• **YOUR OBJECTIVE**
Could you retype the lines below, starting at the line holding "this 1440×960 image." and stopping at the line holding "this 1200×1800 image.", inclusive? Copy them exactly and drop the images.

• **EXERCISE INPUTS**
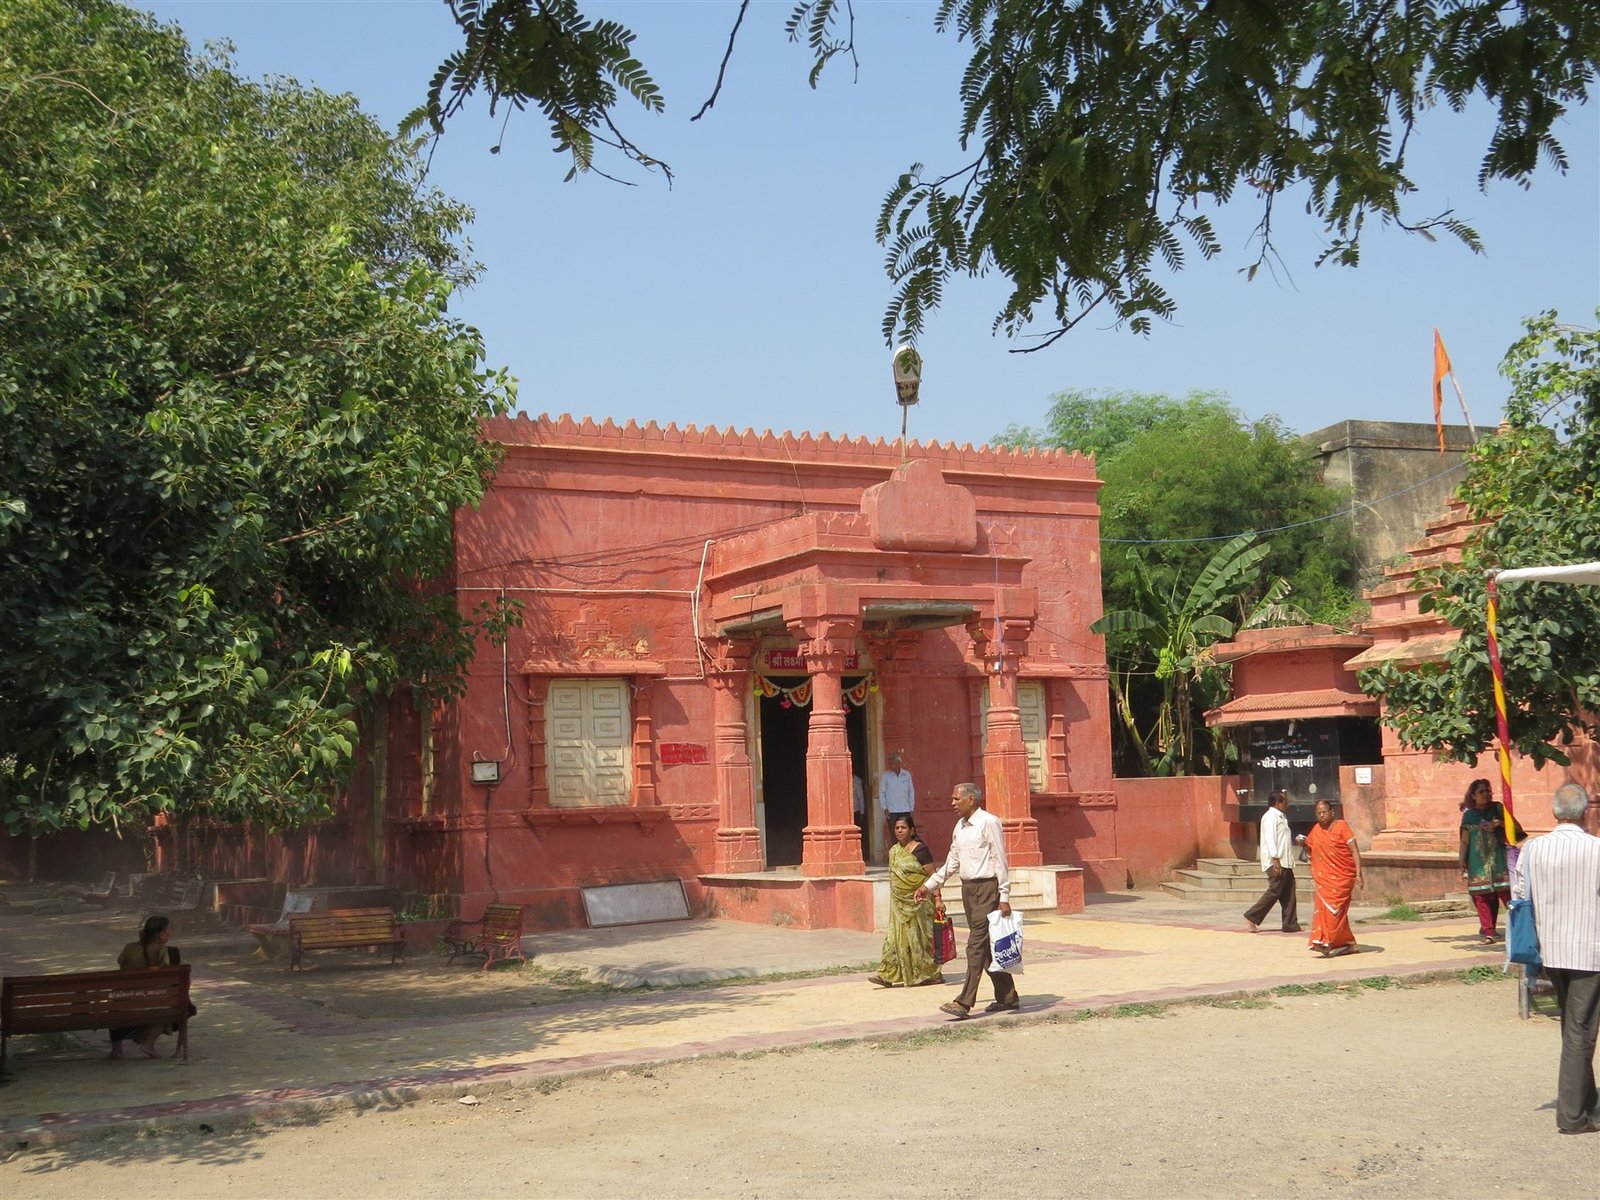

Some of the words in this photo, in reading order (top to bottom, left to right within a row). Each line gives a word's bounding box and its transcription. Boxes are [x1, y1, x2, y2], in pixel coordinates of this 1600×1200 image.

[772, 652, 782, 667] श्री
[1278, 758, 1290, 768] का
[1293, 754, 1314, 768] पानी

* * *

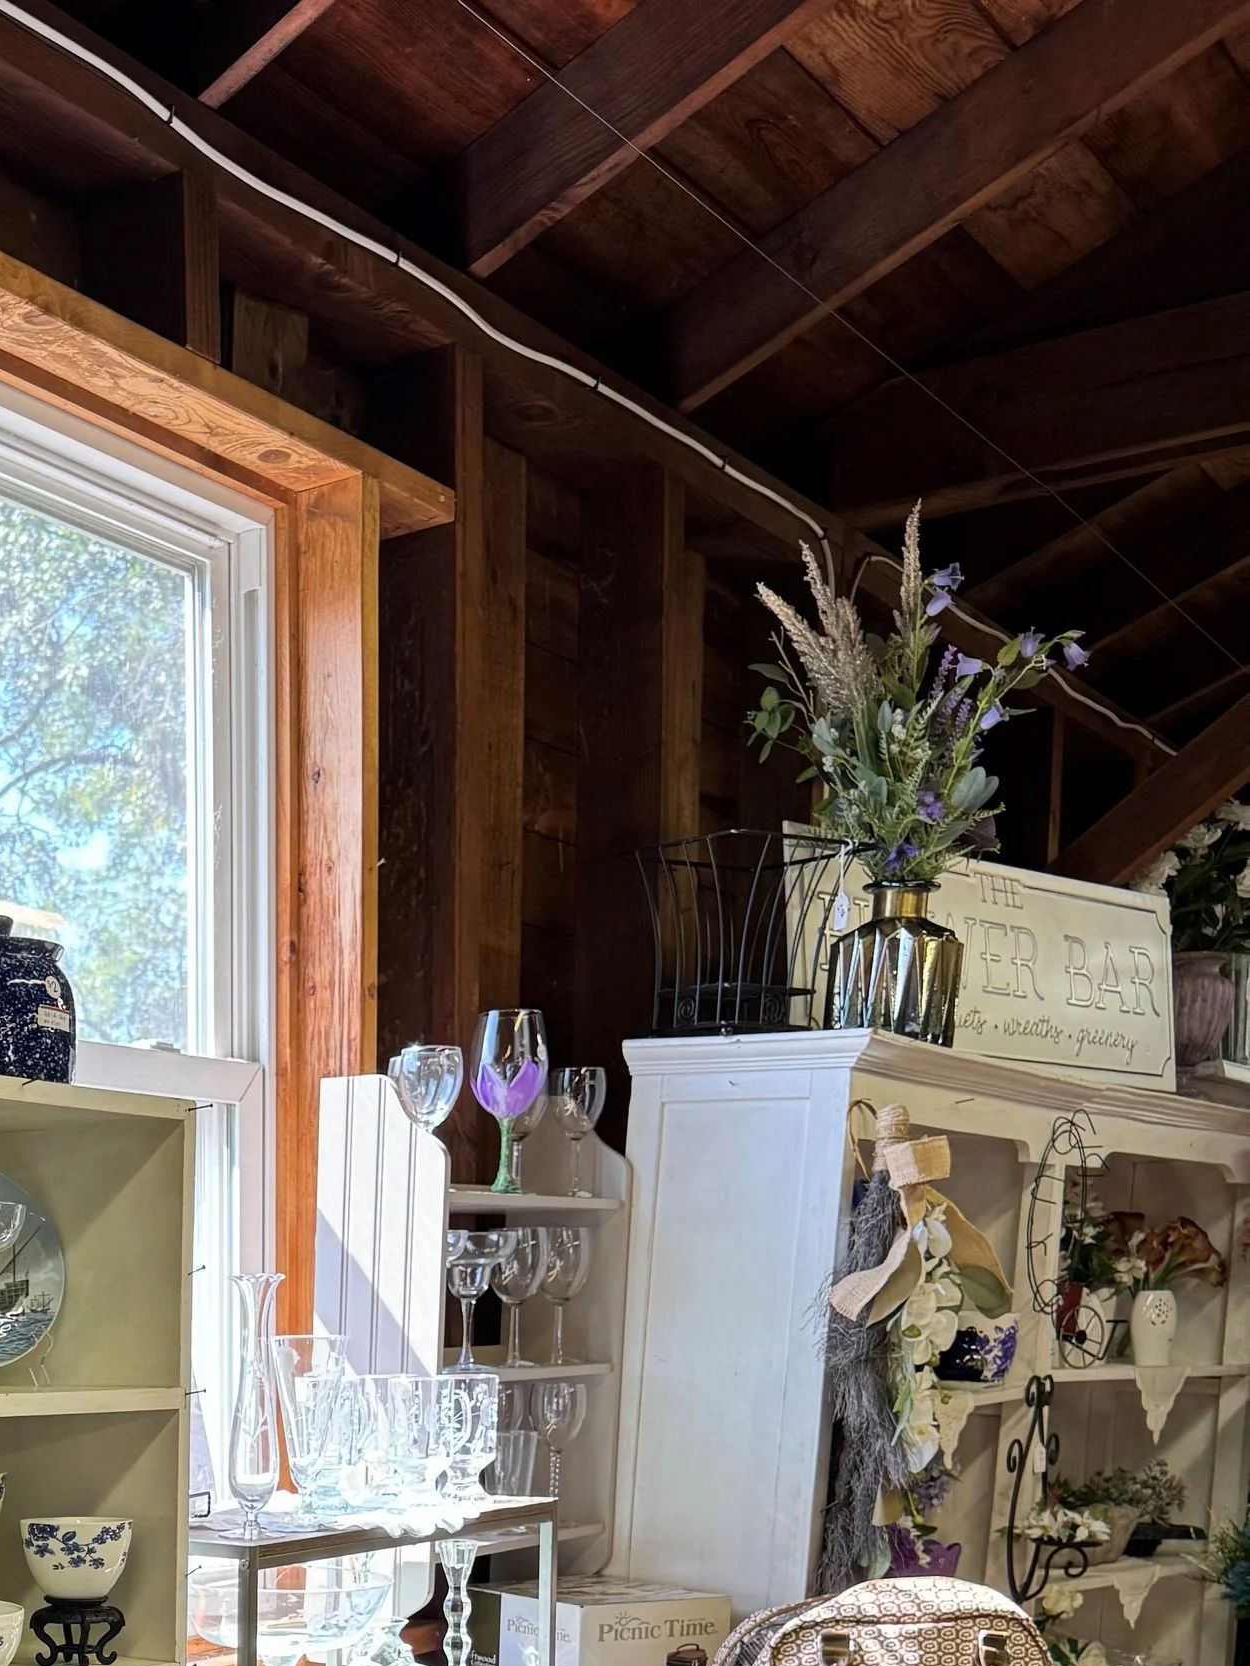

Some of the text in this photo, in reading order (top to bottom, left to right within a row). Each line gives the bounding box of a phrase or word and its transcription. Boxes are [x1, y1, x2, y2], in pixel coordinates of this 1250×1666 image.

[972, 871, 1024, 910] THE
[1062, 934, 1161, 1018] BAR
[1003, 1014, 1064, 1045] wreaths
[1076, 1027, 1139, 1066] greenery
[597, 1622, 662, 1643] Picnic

* * *

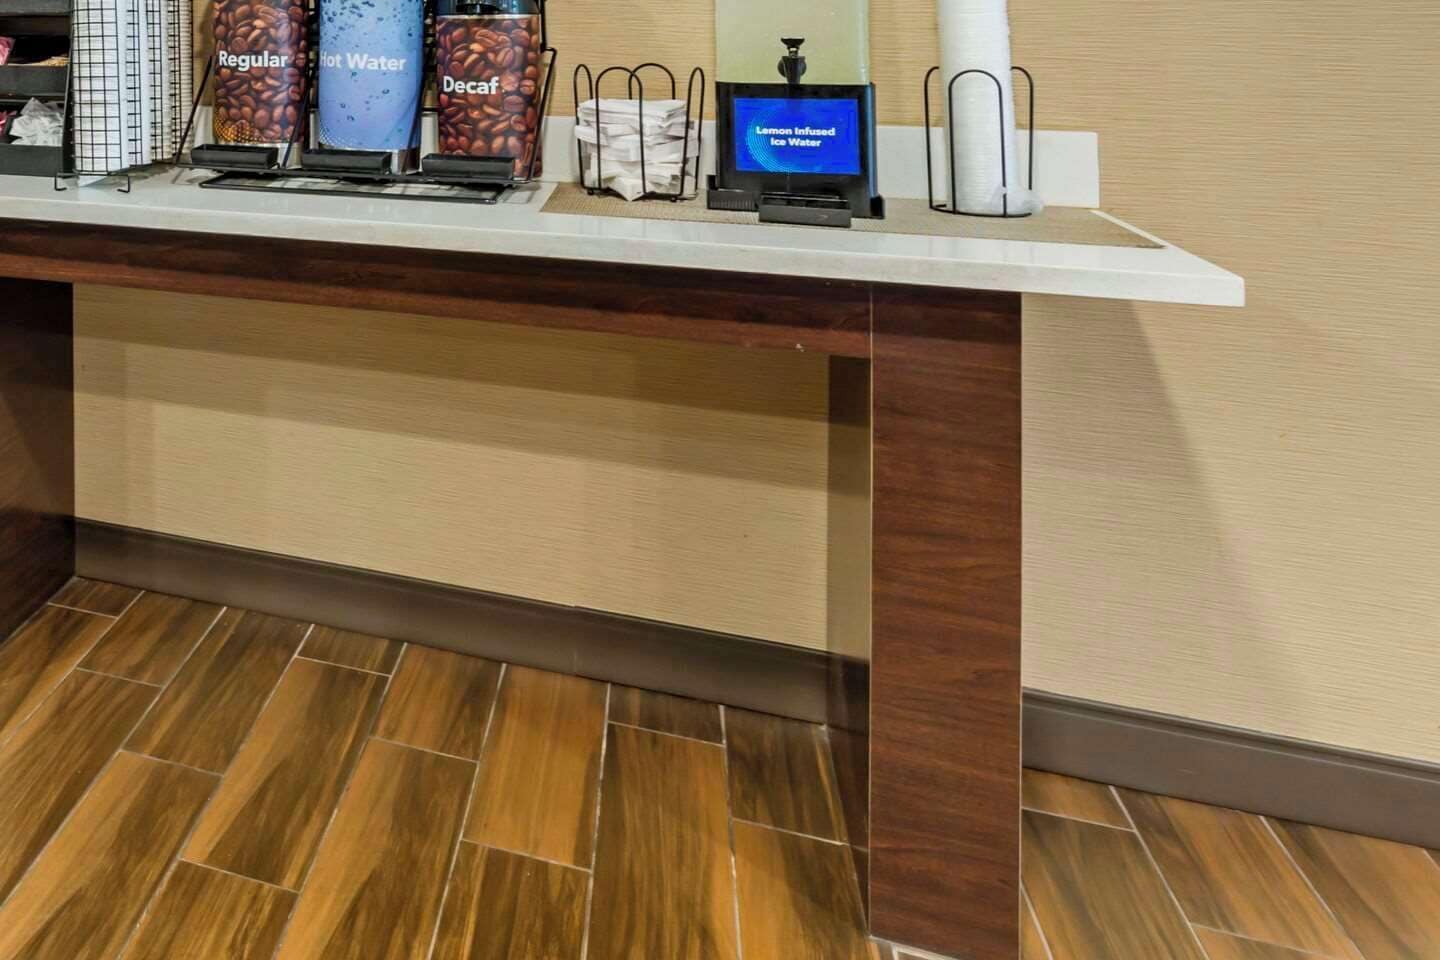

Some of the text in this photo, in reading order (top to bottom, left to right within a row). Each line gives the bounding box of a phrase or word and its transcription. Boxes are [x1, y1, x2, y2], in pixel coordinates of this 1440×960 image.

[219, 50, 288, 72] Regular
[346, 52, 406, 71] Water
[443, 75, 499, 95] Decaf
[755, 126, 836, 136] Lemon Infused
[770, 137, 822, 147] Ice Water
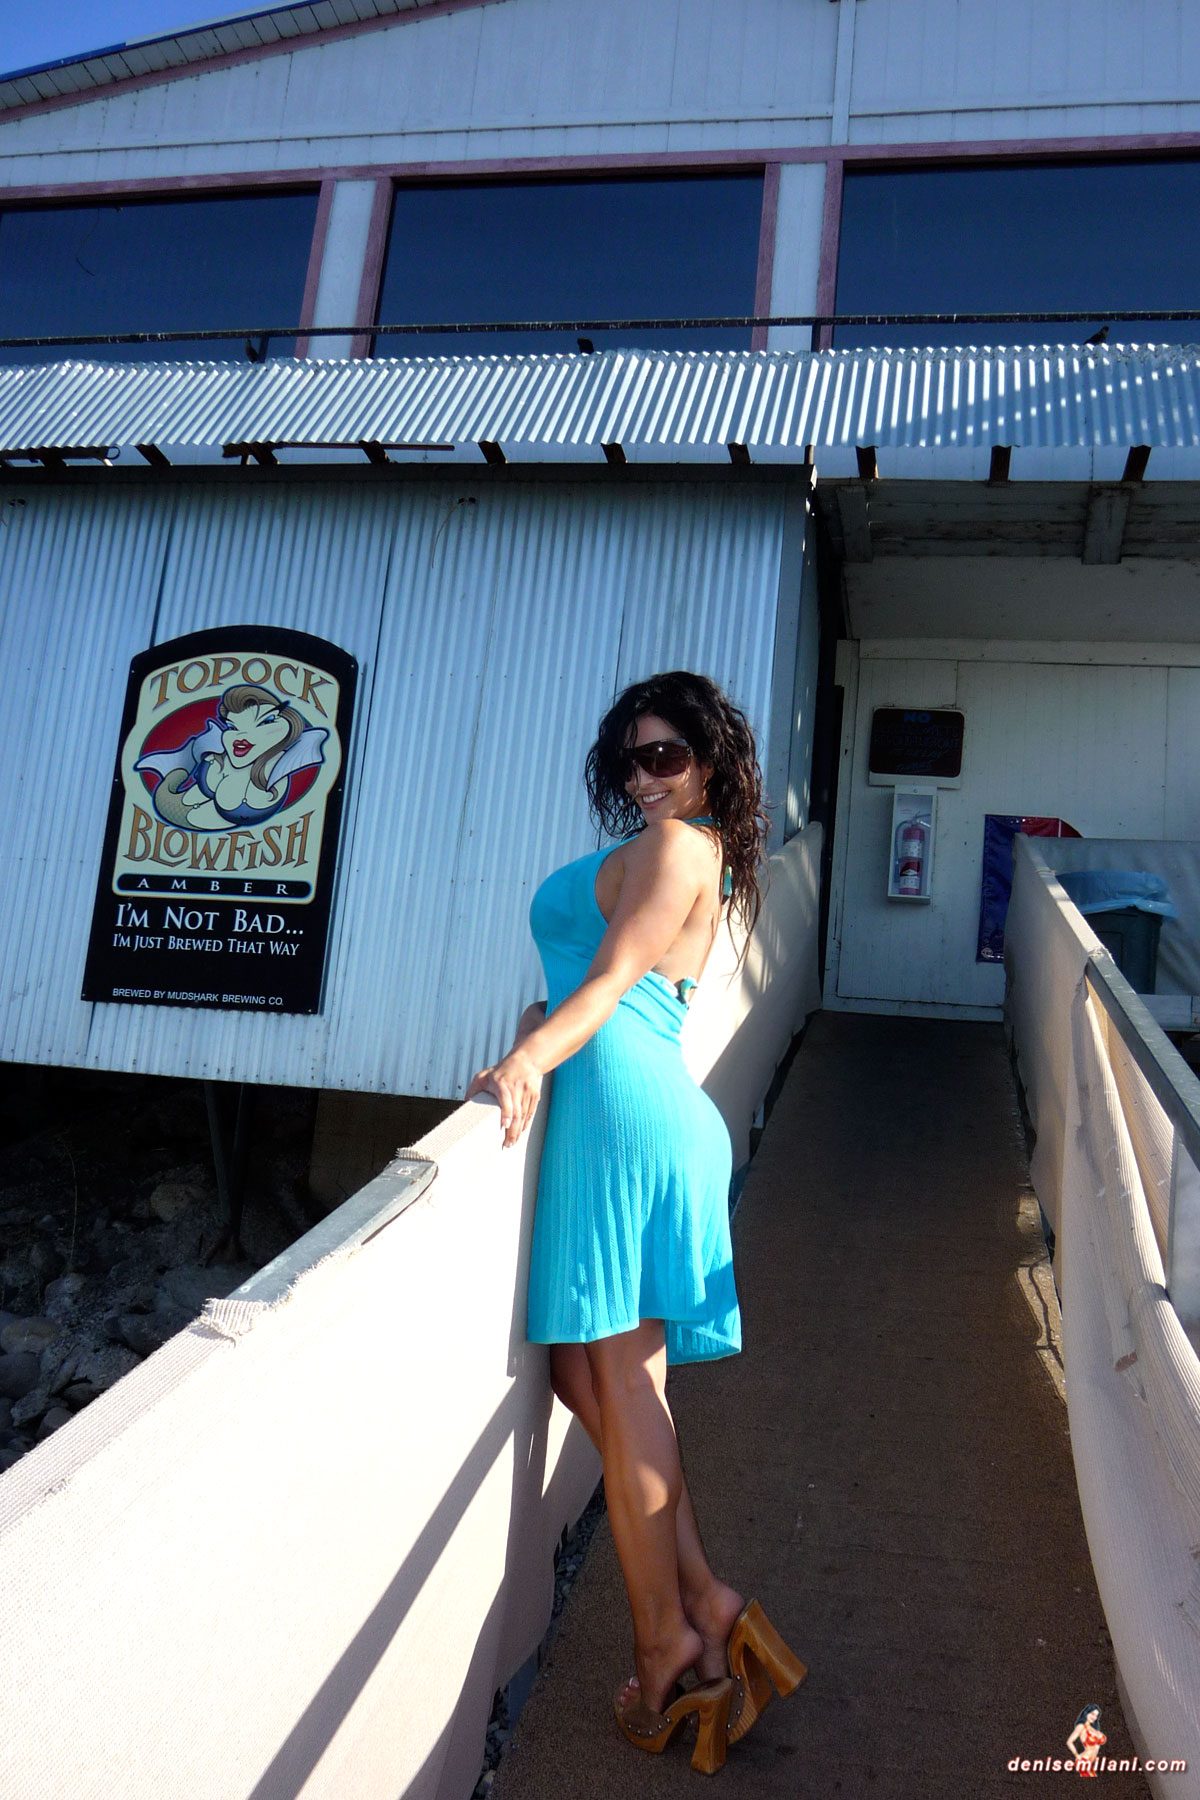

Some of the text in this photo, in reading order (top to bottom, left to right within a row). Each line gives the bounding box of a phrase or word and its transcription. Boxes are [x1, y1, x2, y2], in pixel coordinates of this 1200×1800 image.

• **SOLUTION TO THIS PROBLEM**
Some of the text in this photo, in reading order (top to bottom, left to right within a row). Each line gives the bounding box of a phrase or word and its transcription. Boxes are [x1, y1, x2, y2], in pixel coordinates of this 1440×960 image.

[219, 50, 288, 72] Regular
[346, 52, 406, 71] Water
[443, 75, 499, 95] Decaf
[755, 126, 836, 136] Lemon Infused
[770, 137, 822, 147] Ice Water

Some of the text in this photo, in reading order (top to bottom, left to right within a row). Each line gives the bounding box of a phrase or word and its transcription. Boxes are [x1, y1, x2, y2], in pixel coordinates of this 1200×1800 image.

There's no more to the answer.